Esteri. LIBIA, ARMI E CINA COMUNISTA. CAMBIA QUALCOSA O FORSE NULLA.

Negli ultimi anni la Cina Popolare è stata sempre più desiderosa di incrementare il commercio di armi e questo, per le sue industrie belliche, significa vendere estensivamente droni oltre alle armi di piccolo e medio calibro. Da numerosissime fonti e da prove “sul campo” è ormai certo che le armi cinesi sono utilizzate e vendute in tutto il mondo, compresa la Libia.   In particolare i resti di un missile, di quasi certa fabbricazione cinese, indicano un’escalation della guerra dei droni in quell’area di guerra.  

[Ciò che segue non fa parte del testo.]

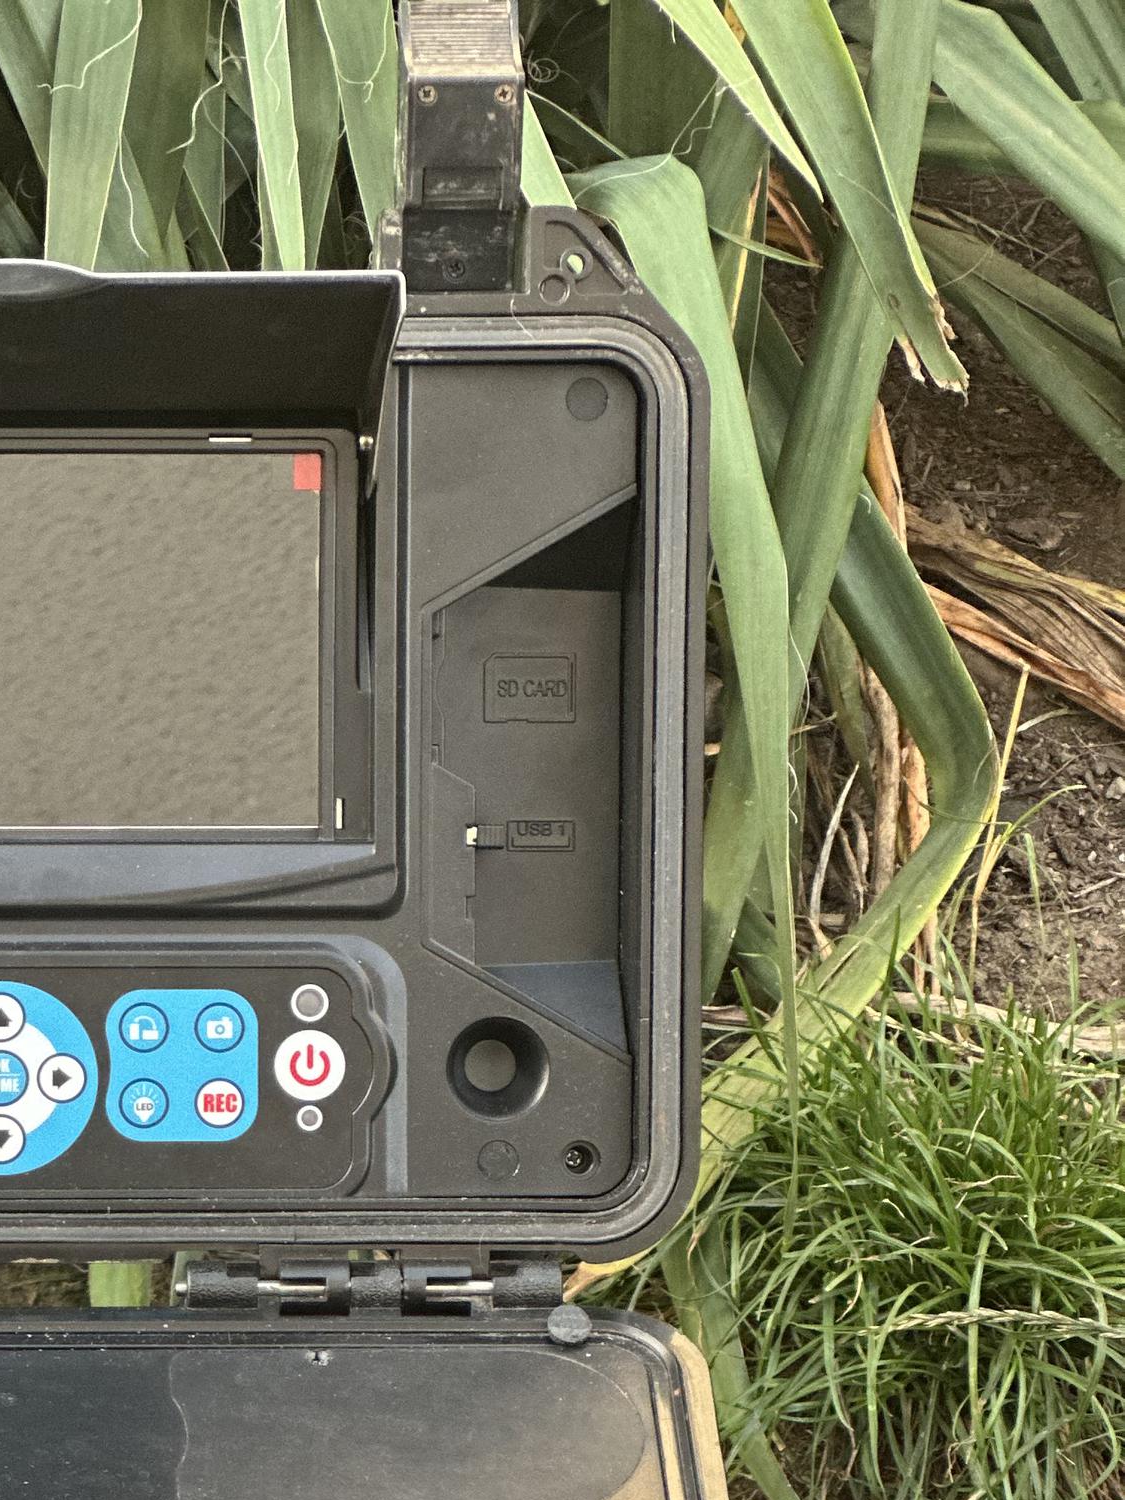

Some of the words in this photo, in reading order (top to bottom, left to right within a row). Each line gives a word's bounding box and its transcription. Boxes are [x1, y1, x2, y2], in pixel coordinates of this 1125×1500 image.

Infatti, è stato ritrovato un missile LJ-7 che è l’armamento principale del drone Wing Loong di fabbricazione cinese. Il Wing Loong, che ha caratteristiche simili al drone Predator prodotto dagli Stati Uniti, è stato venduto ed è in linea di utilizzo da parte di alcune forze aeree del Medio Oriente, comprese quelle dell’Egitto, degli Emirati Arabi Uniti e dell’Arabia Saudita. Non un caso, che sia l’Egitto sia Emirati Arabi Uniti stanno dando supporto logistico in Libia, alla fazione dell’Esercito Nazionale libico guidata dal signore della guerra Khalifa Haftar che sta combattendo contro il governo di accordo nazionale sostenuto politicamente dalle Nazioni Unite e ultimamente, sul campo di battaglia, da milizie turcomanne inviate da Ankara.

Gli Emirati hanno finanziato la costruzione della base aerea di Al Khadim, un ex aeroporto nella provincia di Al Marj, nella Libia orientale, e dal 2016 dispiegano nella base aerei di attacco e Wing Loong al fine di fornire la copertura aerea per le forze di Haftar.

La Cina comunista, è noto, sta promuovendo lo sviluppo e l’impiego di droni e secondo fonti del Pentagono alcune stime indicano che Pechino prevede di produrre oltre 42.000 sistemi senza pilota terrestri e marittimi entro il 2023. In merito, la RAND Corporation, un think tank californiano con stretti legami con l’US Air Force, ha reso noto che la diffusione dei droni cinesi potrebbe avere implicazioni preoccupanti anche per gli Stati Uniti.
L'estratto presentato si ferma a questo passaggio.